On Fri, 11 Jan 2002 11:53:47 +0100
"Reto Inversini"
Hi,
If we really want to talk paranoia :-), you could do it like that:
Put a box with some kind of VPN functionality in front of the server or do it directly on the server in question. Allow ssh only through this tunnel. From the remoteadmin box, you build up a VPN and make the ssh session through this tunnel. For the VPN, you can use some kind of key authentication, for the ssh you can use normal username/password login.

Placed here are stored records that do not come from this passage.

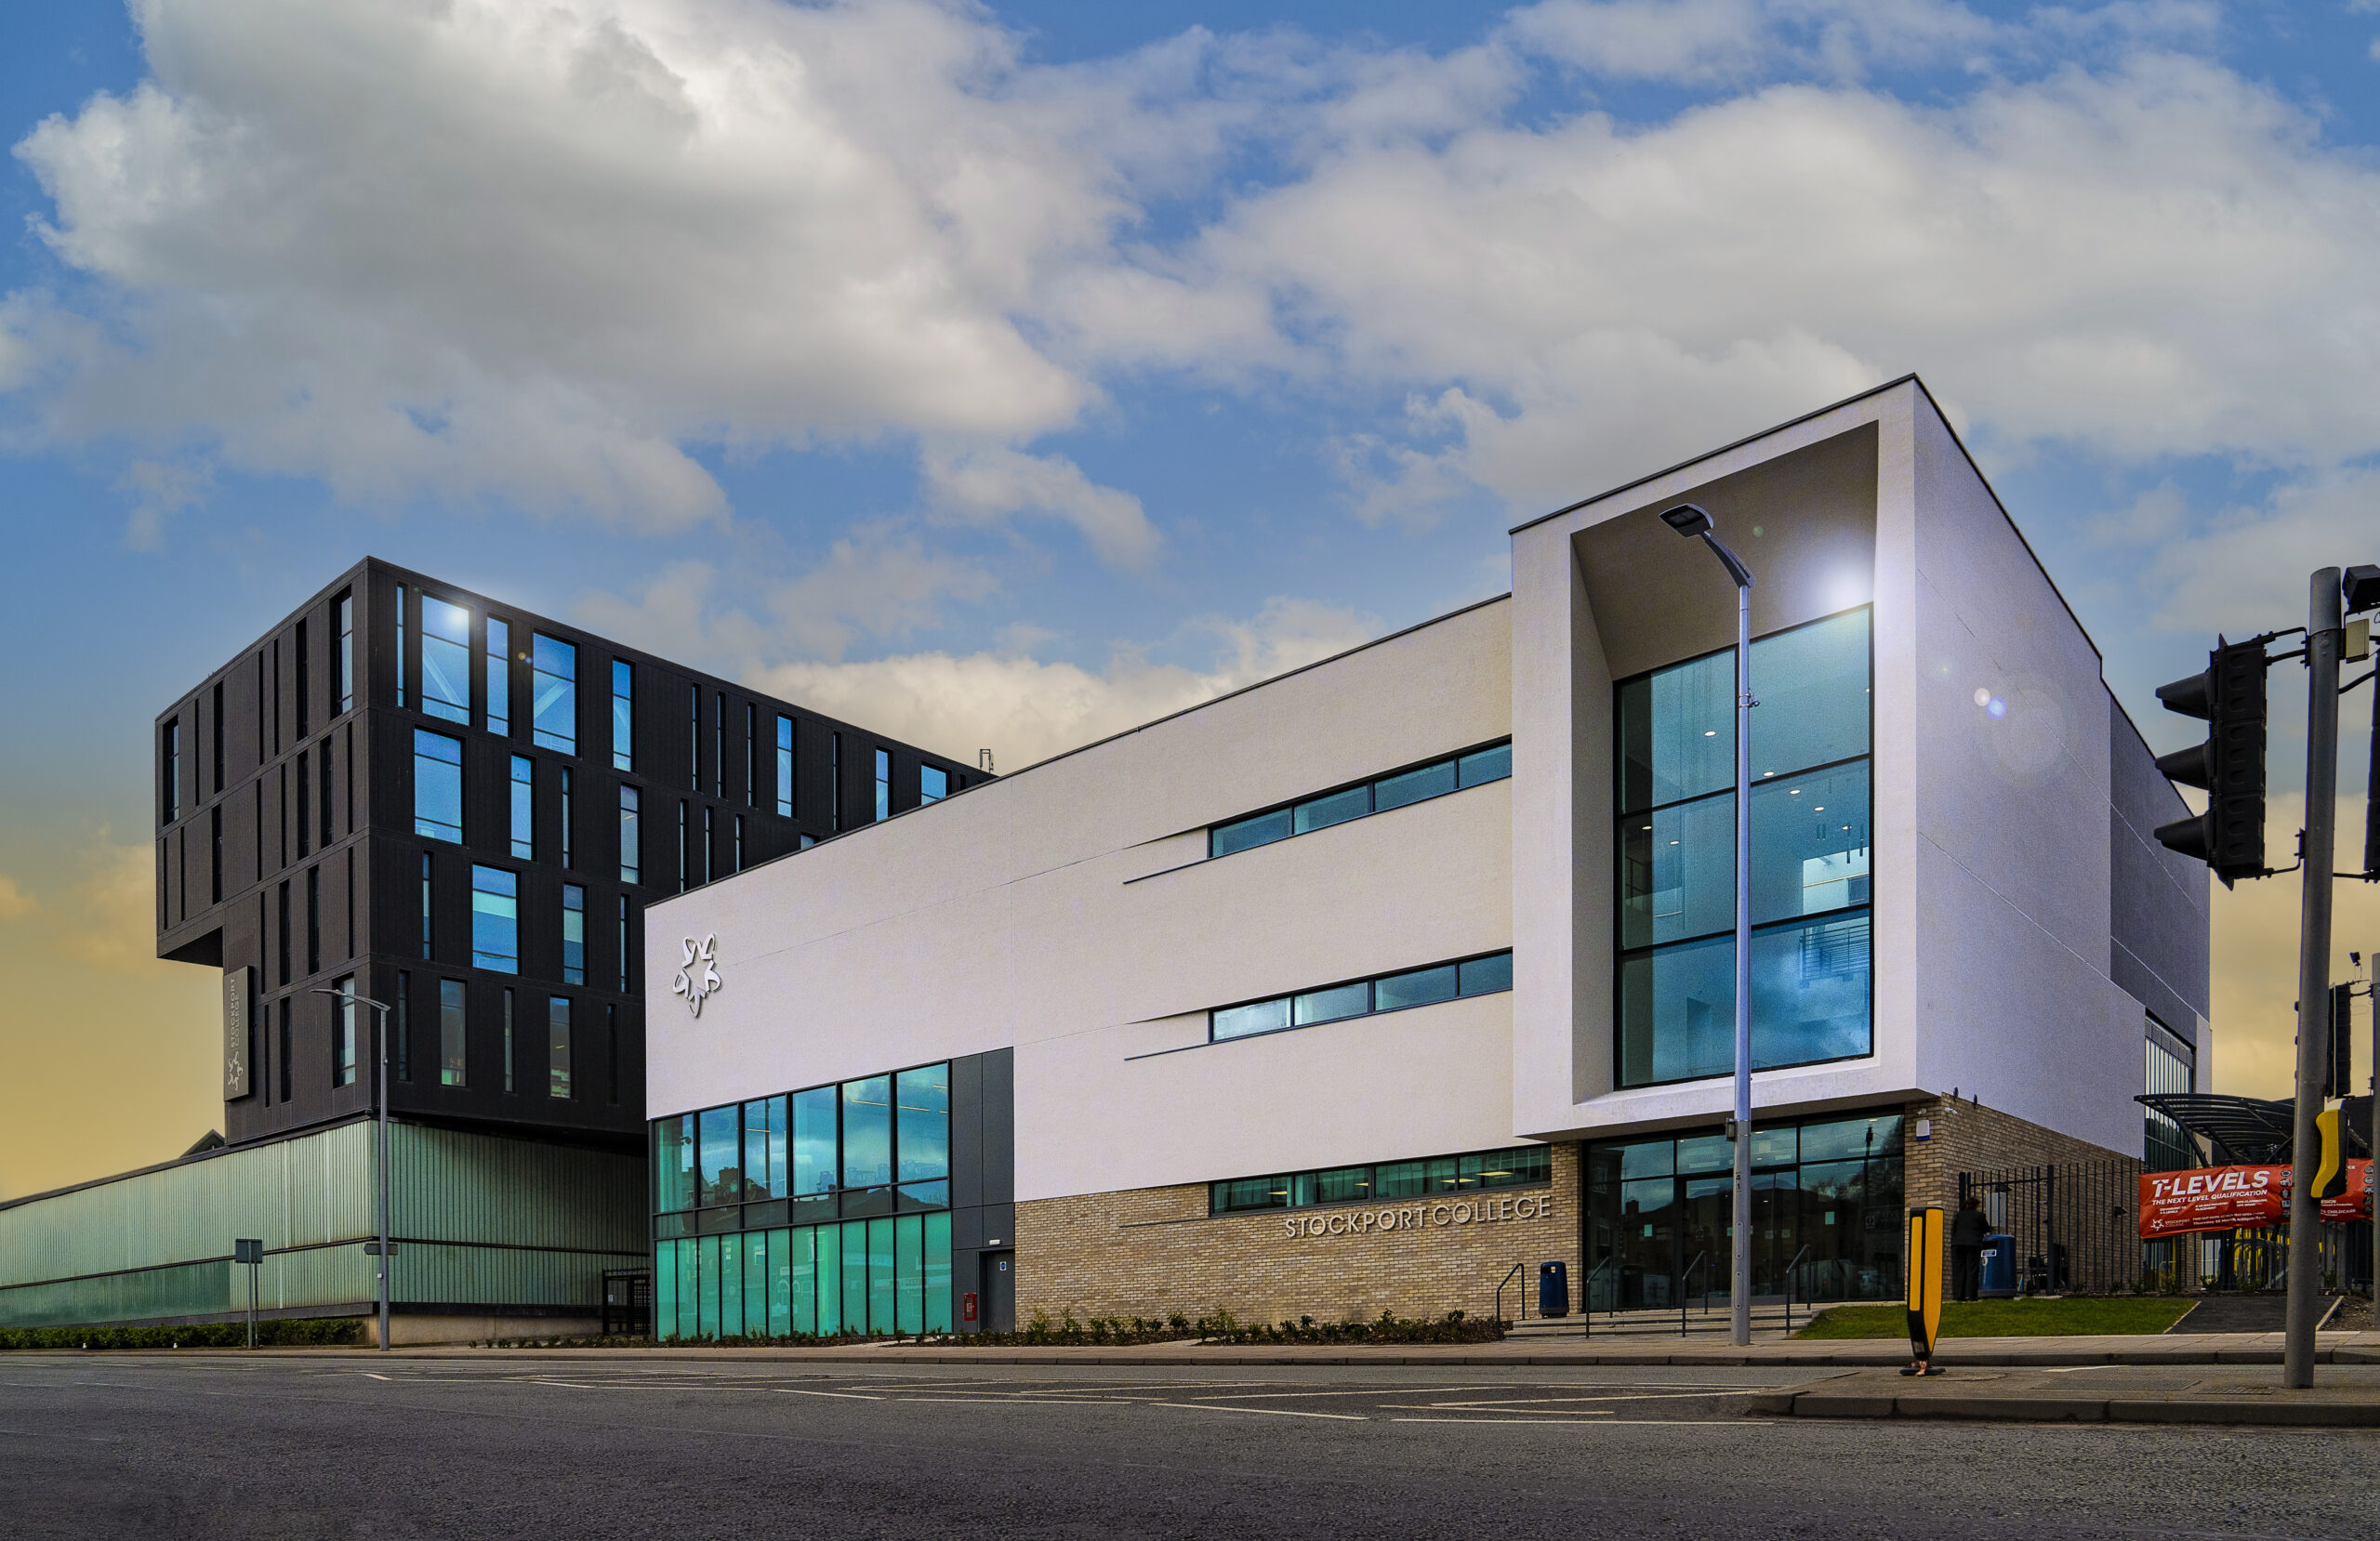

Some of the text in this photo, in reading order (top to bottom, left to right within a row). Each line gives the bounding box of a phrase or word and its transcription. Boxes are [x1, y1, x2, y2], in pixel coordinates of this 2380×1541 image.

[2152, 1170, 2270, 1197] T-LEVELS
[2211, 1190, 2268, 1199] QUALIFICATION
[1285, 1195, 1552, 1238] STOCKPORT COLLEGE
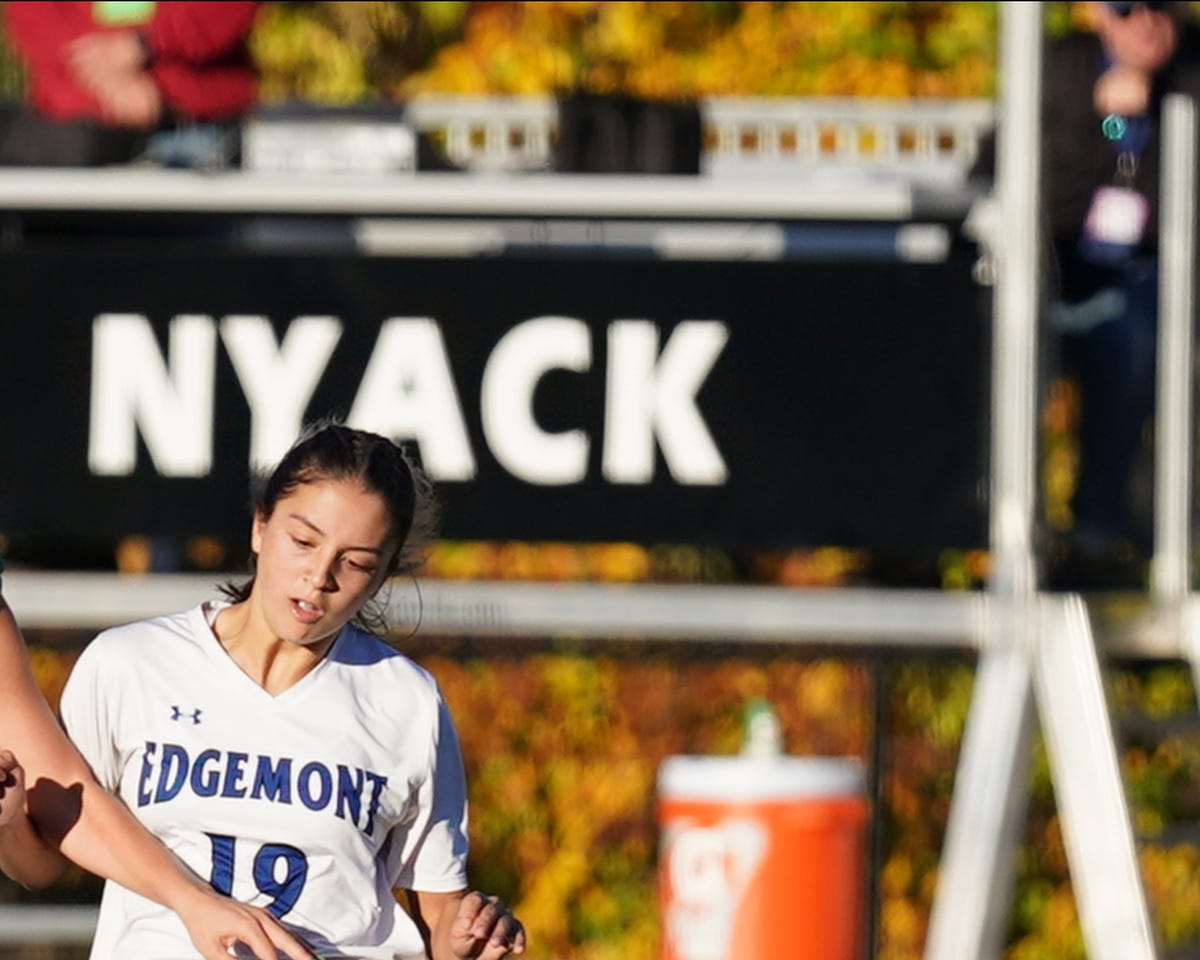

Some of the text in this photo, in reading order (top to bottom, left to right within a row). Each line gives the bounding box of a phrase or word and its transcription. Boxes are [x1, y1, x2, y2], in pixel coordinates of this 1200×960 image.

[88, 314, 730, 485] NYACK
[137, 741, 388, 836] EDGEMONT
[202, 832, 308, 919] 19
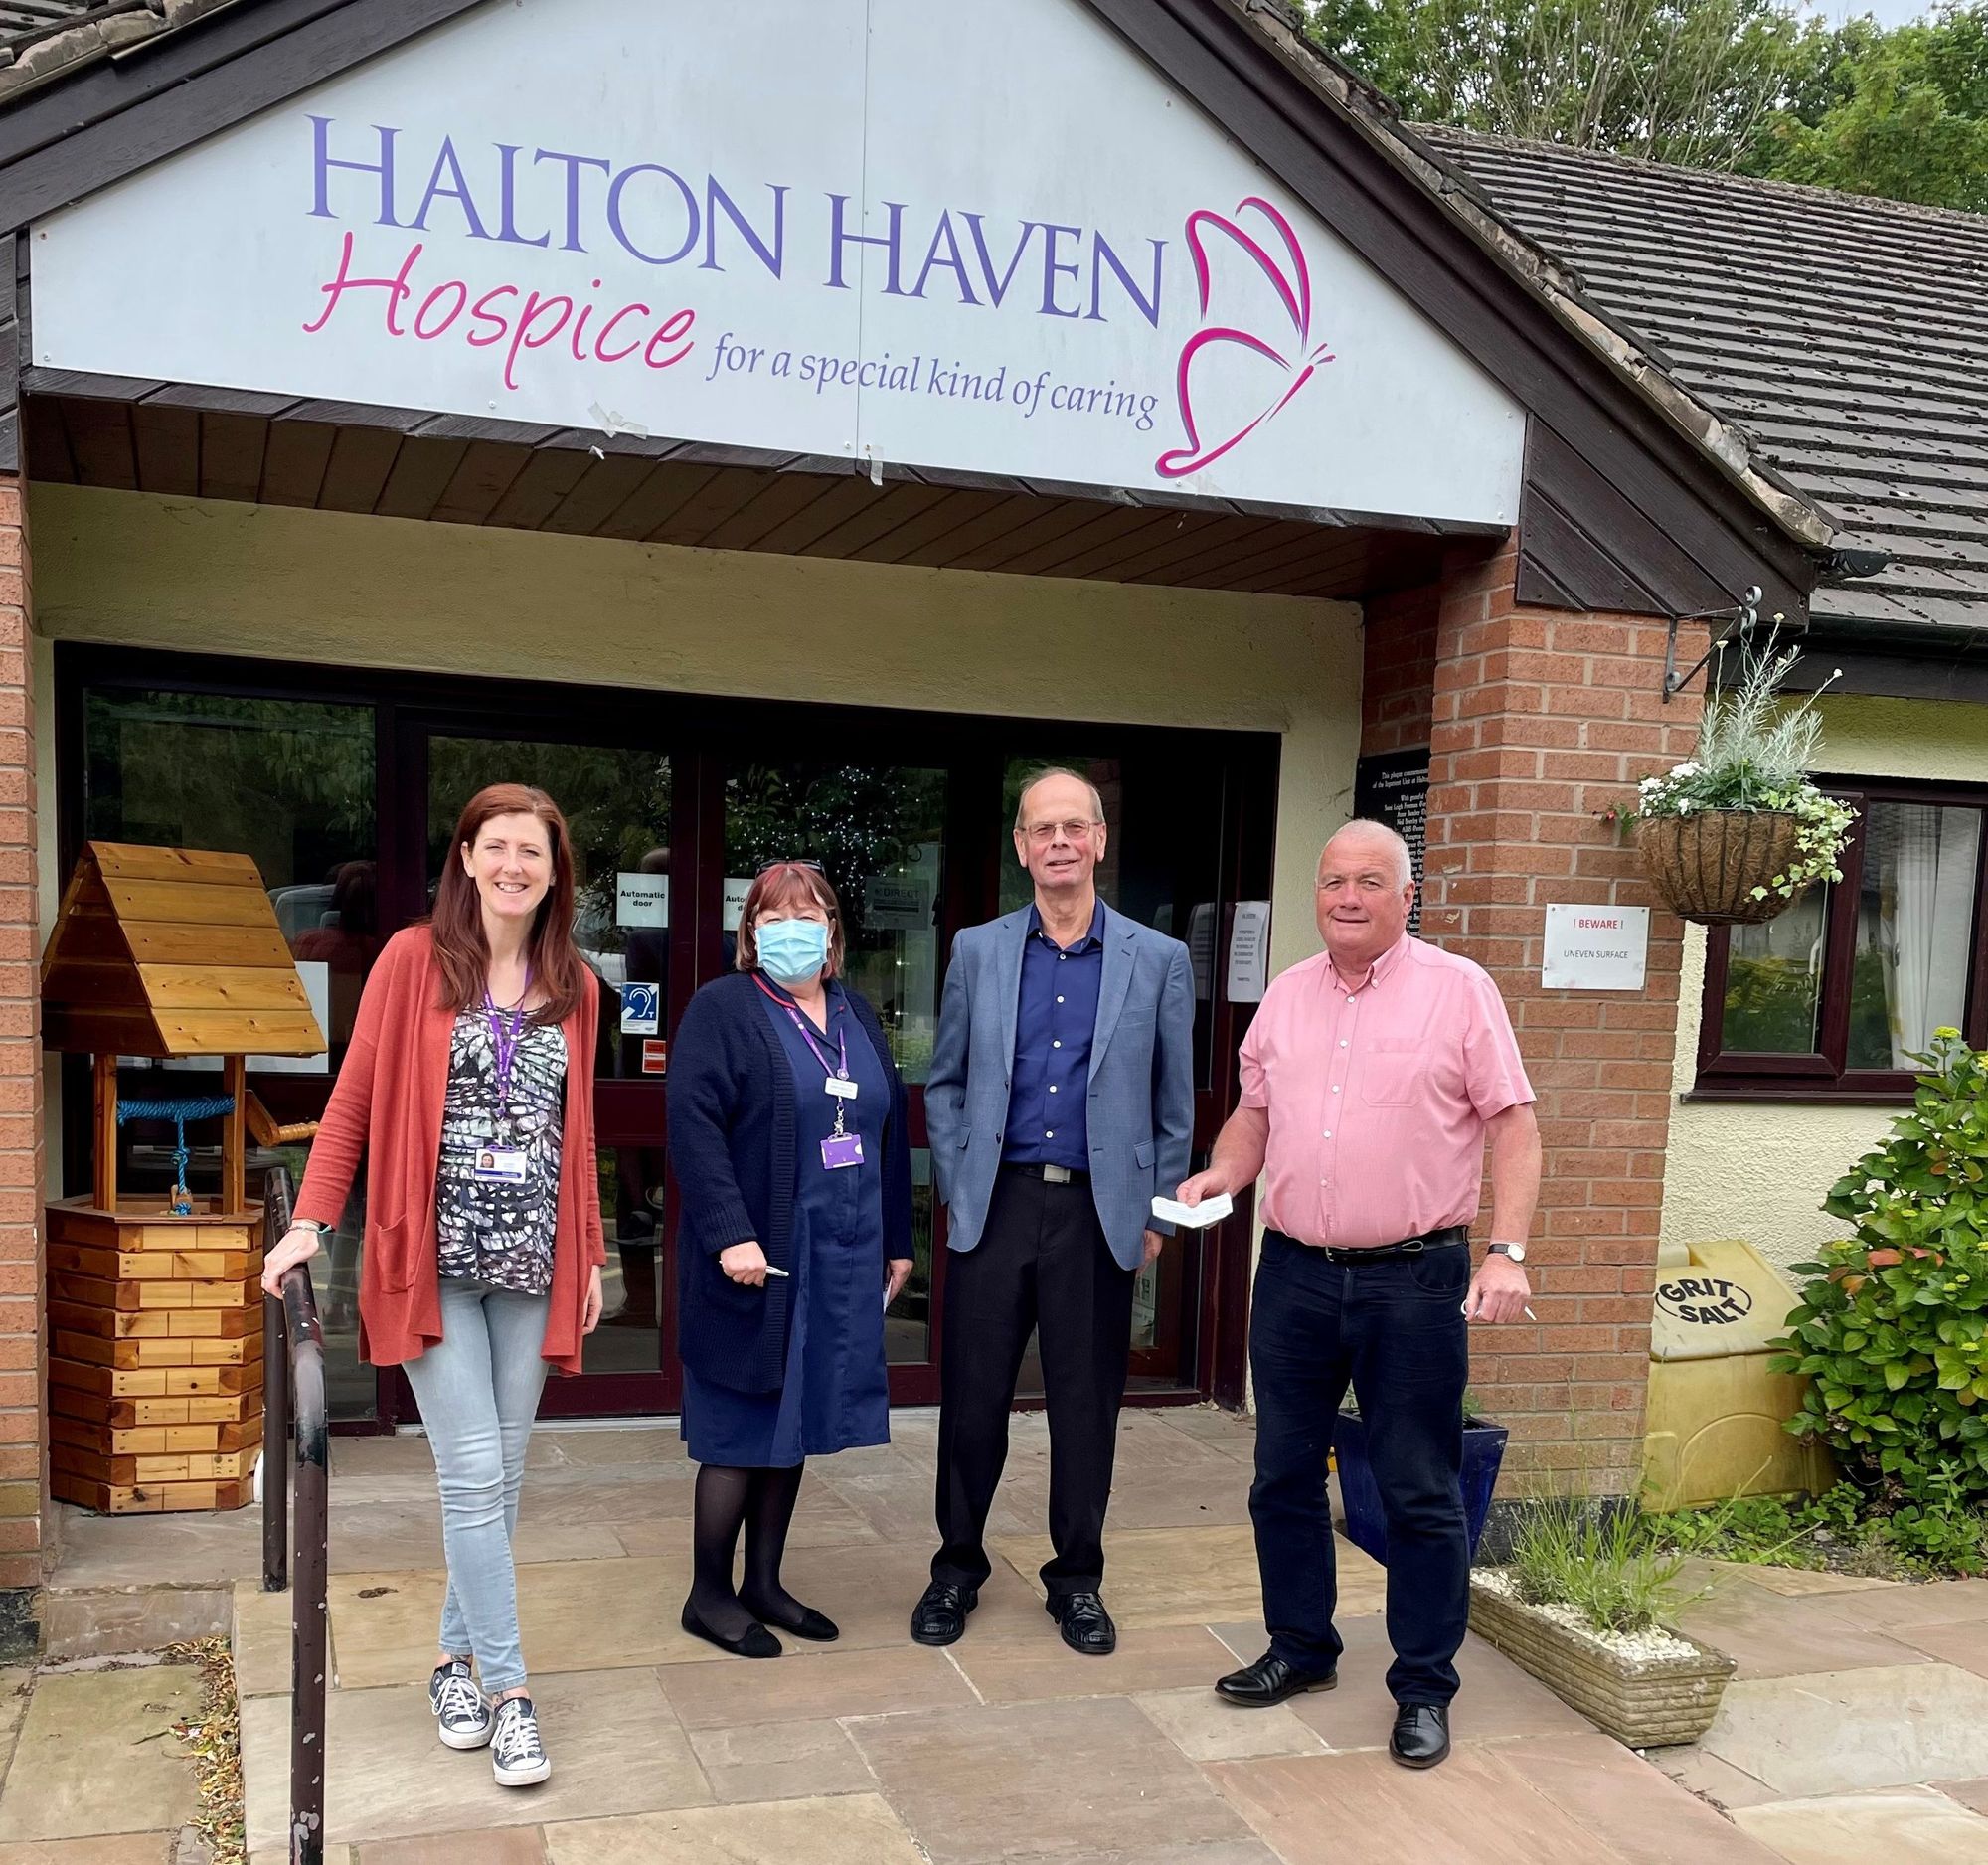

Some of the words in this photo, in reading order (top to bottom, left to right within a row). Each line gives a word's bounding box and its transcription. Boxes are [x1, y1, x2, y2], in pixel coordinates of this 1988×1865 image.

Your gain is: - someone must penetrate first your VPN - after that, they have to do the ssh-password trick - from network traffic analysis, the sniffer can't see, what kind of data is transmitted to the server - portscans won't reveal ssh
IMHO this is probably a downgrade in security over simply using ssh with key security only (no passwords) I am a very poor programmer (I'm a Networks/infrastructure guy), so I'm not going to comment personally, it seems to be the opinion of alot of people I respect that FreeSwan's code is crap. I went out to dinner with a bunch of linux hackers the night after Linux Kongress (Ted Ts'o, Rusty, Wichert etc) and one of the things we were discussing was firewalling (Rusty is the iptables and Kernel firewall code maintainer) and Oportunistic encryption. One of the nice things to do would be to include more of the ipsec capability in the native kernel, but Rusty said that he's never going to include it in it's current state, as a) buggy b) possibly/probably has remote root exploits in the userspace daemons c) doesn't hook into the rest of the kernel correctly Now I ask you. What would you prefer to run as your face to the world? - OpenSSH - Which has had holes in it, but is regularly audited by some of the best security minds in the world? - FreeSwan - Which is written by a small subset of the Linux community, and is regarded the guy who writes the linux firewall code as buggy?? My advice is don't run anything unless you need it, including VPNs :-) -- Viel Spaß Peter Nixon - nix@susesecurity.com SuSE Security FAQ Maintainer http://www.susesecurity.com/faq/ "If you think cryptography will solve the problem, then you don't understand cryptography and you don't understand your problem."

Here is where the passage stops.